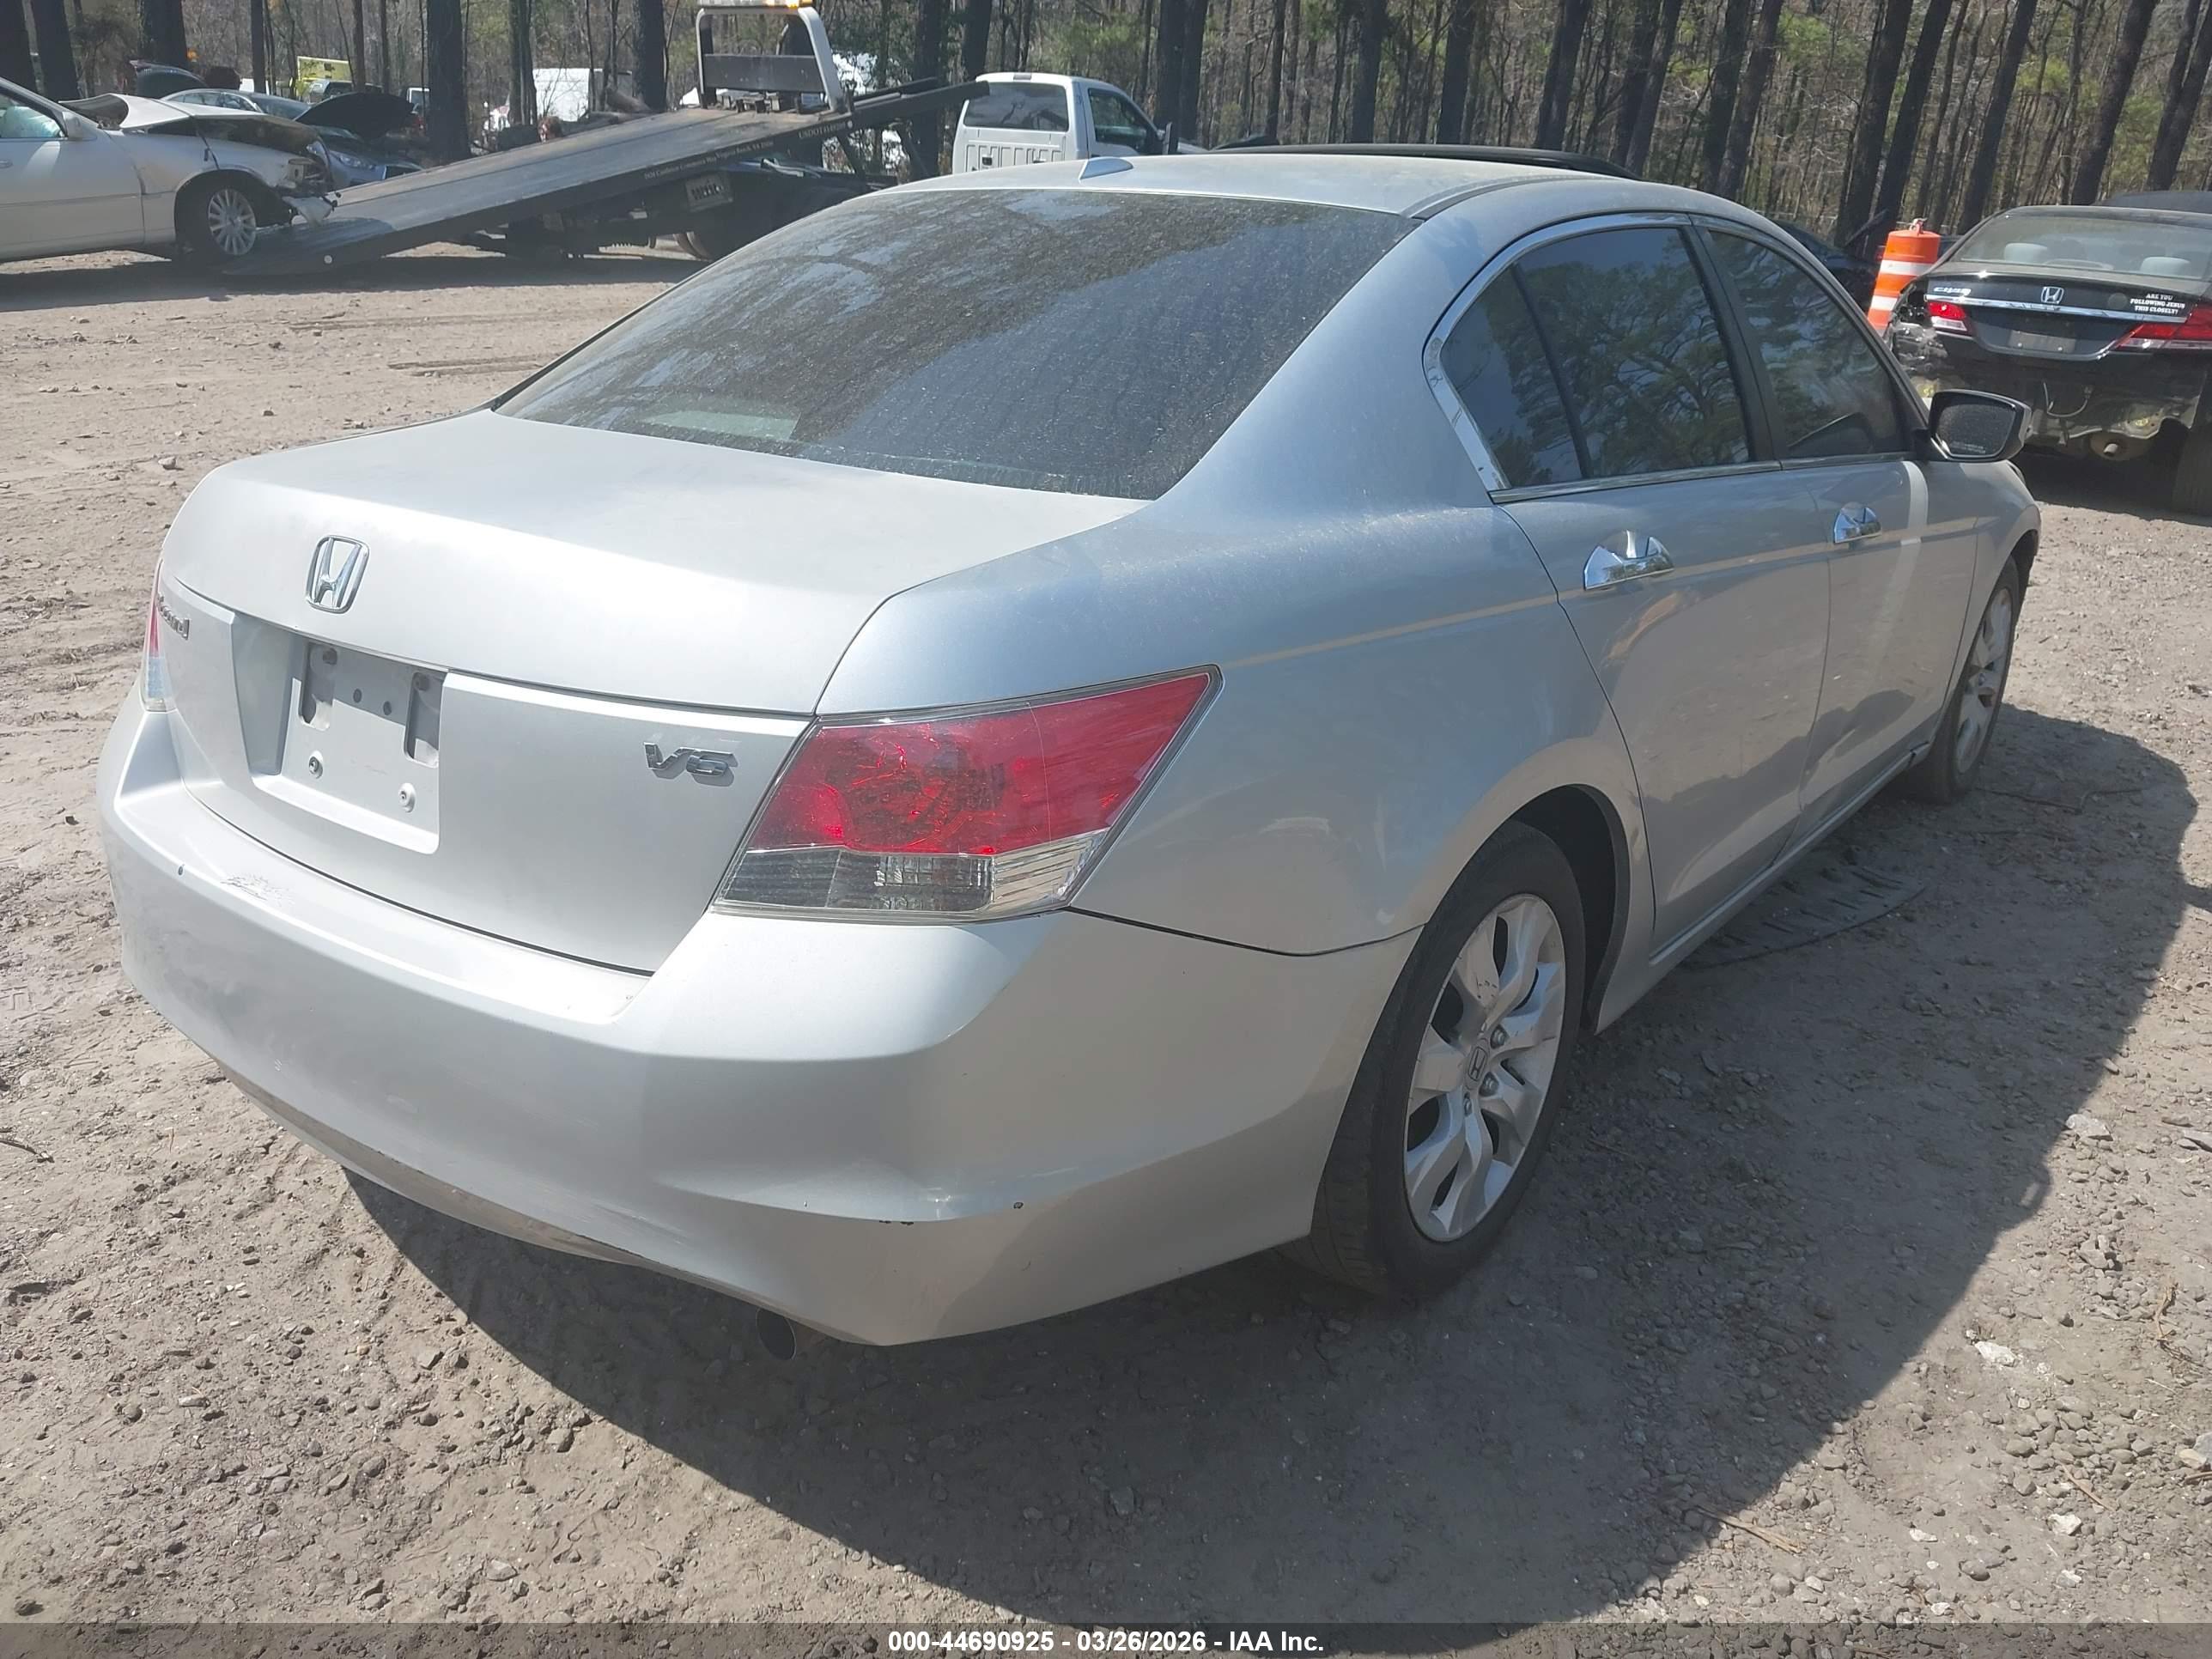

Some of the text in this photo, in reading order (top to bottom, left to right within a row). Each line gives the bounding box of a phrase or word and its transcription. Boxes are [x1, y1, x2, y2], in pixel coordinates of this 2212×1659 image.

[2130, 298, 2166, 307] FOLLOWING
[2149, 306, 2179, 315] CLOSELY?
[643, 741, 736, 777] V6
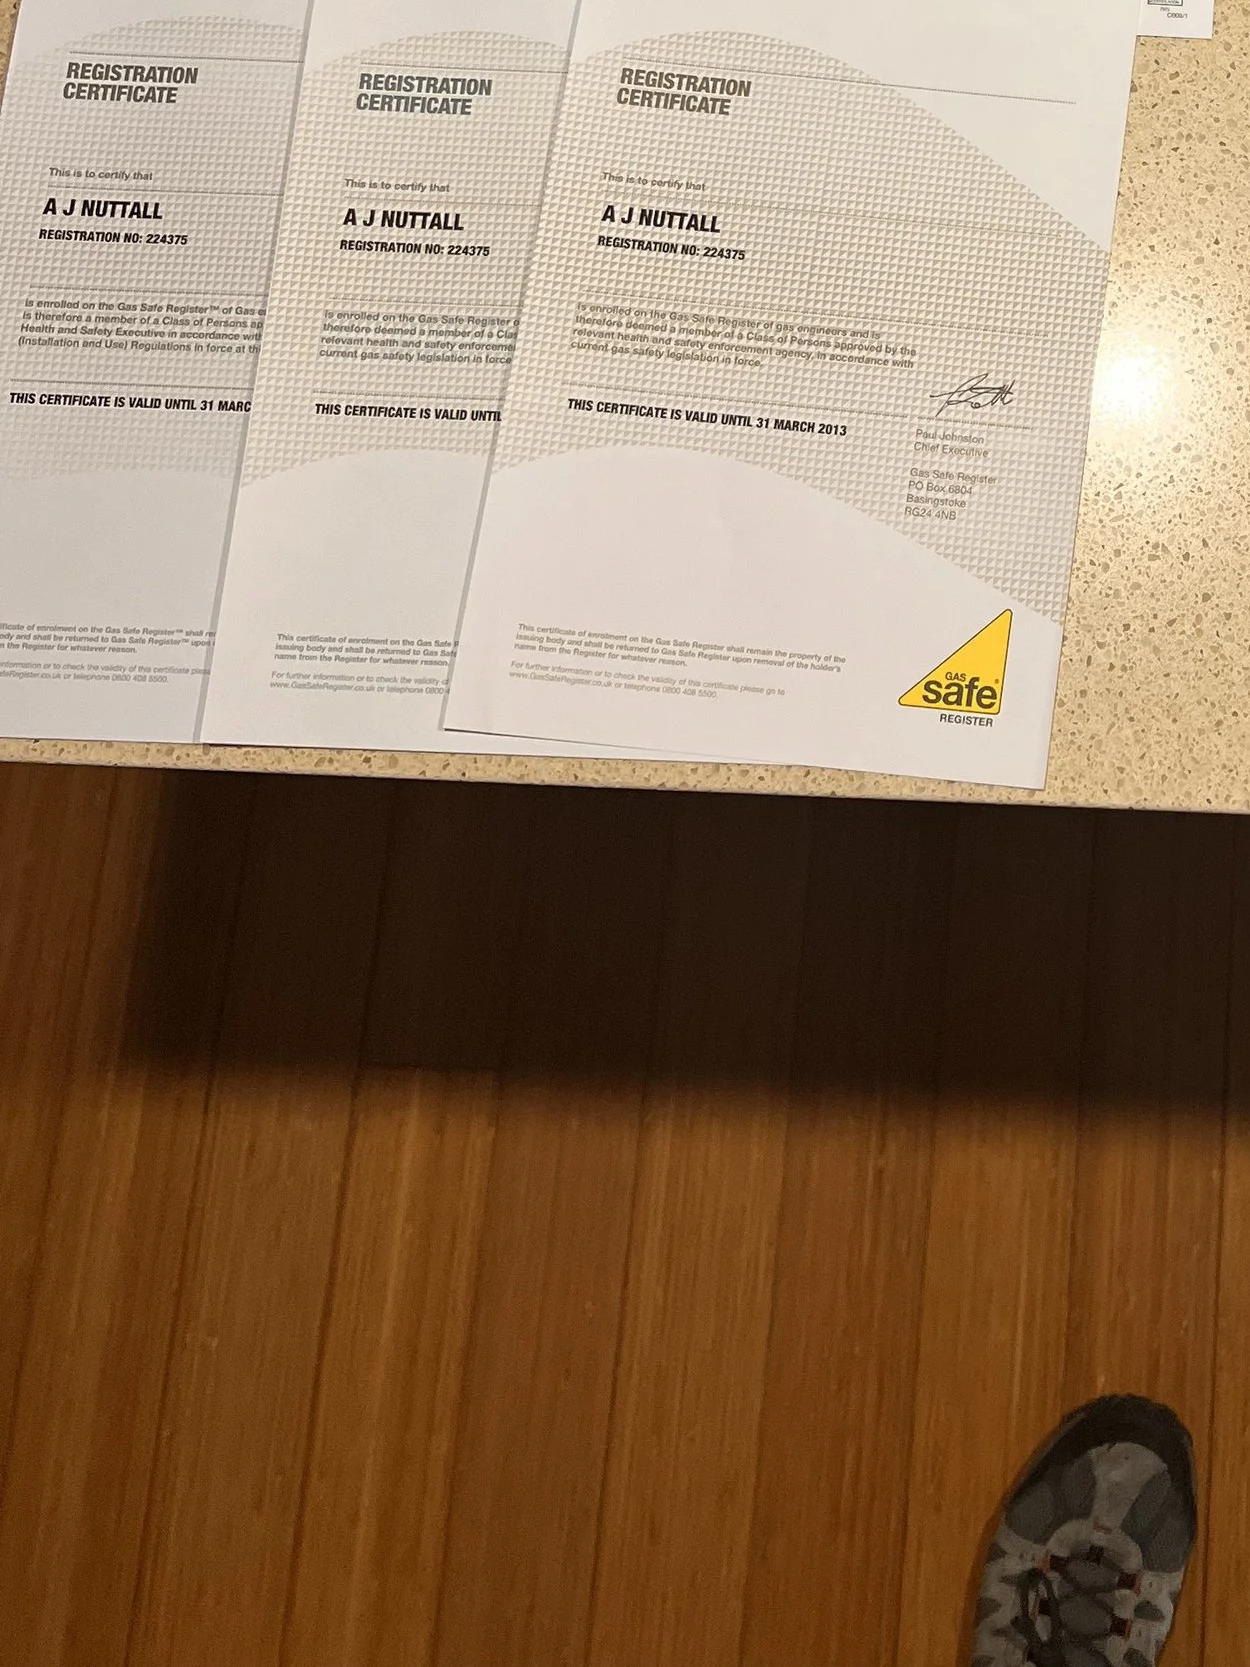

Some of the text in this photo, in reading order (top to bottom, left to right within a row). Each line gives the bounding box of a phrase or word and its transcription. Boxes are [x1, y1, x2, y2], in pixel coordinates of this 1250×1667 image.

[65, 60, 199, 84] REGISTRATION
[619, 66, 752, 98] REGISTRATION
[62, 81, 179, 104] CERTIFICATE
[615, 86, 732, 116] CERTIFICATE
[41, 196, 163, 220] A J NUTTALL
[600, 203, 721, 234] A J NUTTALL
[566, 397, 848, 437] THIS CERTIFICATE IS VALID UNTIL 31 MARCH 2013
[943, 670, 967, 683] GAS
[922, 677, 997, 709] safe
[938, 712, 994, 728] REGISTER
##########
→ YOUR ASSIGNMENT:
Take every record and copy it word for word, dropping the pictures.

→ WRITTEN ANSWER:
Some of the text in this photo, in reading order (top to bottom, left to right within a row). Each line gives the bounding box of a phrase or word and its transcription. Boxes are [x1, y1, x2, y2], in pixel coordinates of this 2212×1659 image.

[2130, 298, 2166, 307] FOLLOWING
[2149, 306, 2179, 315] CLOSELY?
[643, 741, 736, 777] V6

Some of the text in this photo, in reading order (top to bottom, left to right within a row). Each line gives the bounding box of a phrase or word and its transcription. Boxes are [x1, y1, x2, y2], in pixel coordinates of this 1250×1667 image.

[65, 60, 199, 84] REGISTRATION
[619, 66, 752, 98] REGISTRATION
[62, 81, 179, 104] CERTIFICATE
[615, 86, 732, 116] CERTIFICATE
[41, 196, 163, 220] A J NUTTALL
[600, 203, 721, 234] A J NUTTALL
[566, 397, 848, 437] THIS CERTIFICATE IS VALID UNTIL 31 MARCH 2013
[943, 670, 967, 683] GAS
[922, 677, 997, 709] safe
[938, 712, 994, 728] REGISTER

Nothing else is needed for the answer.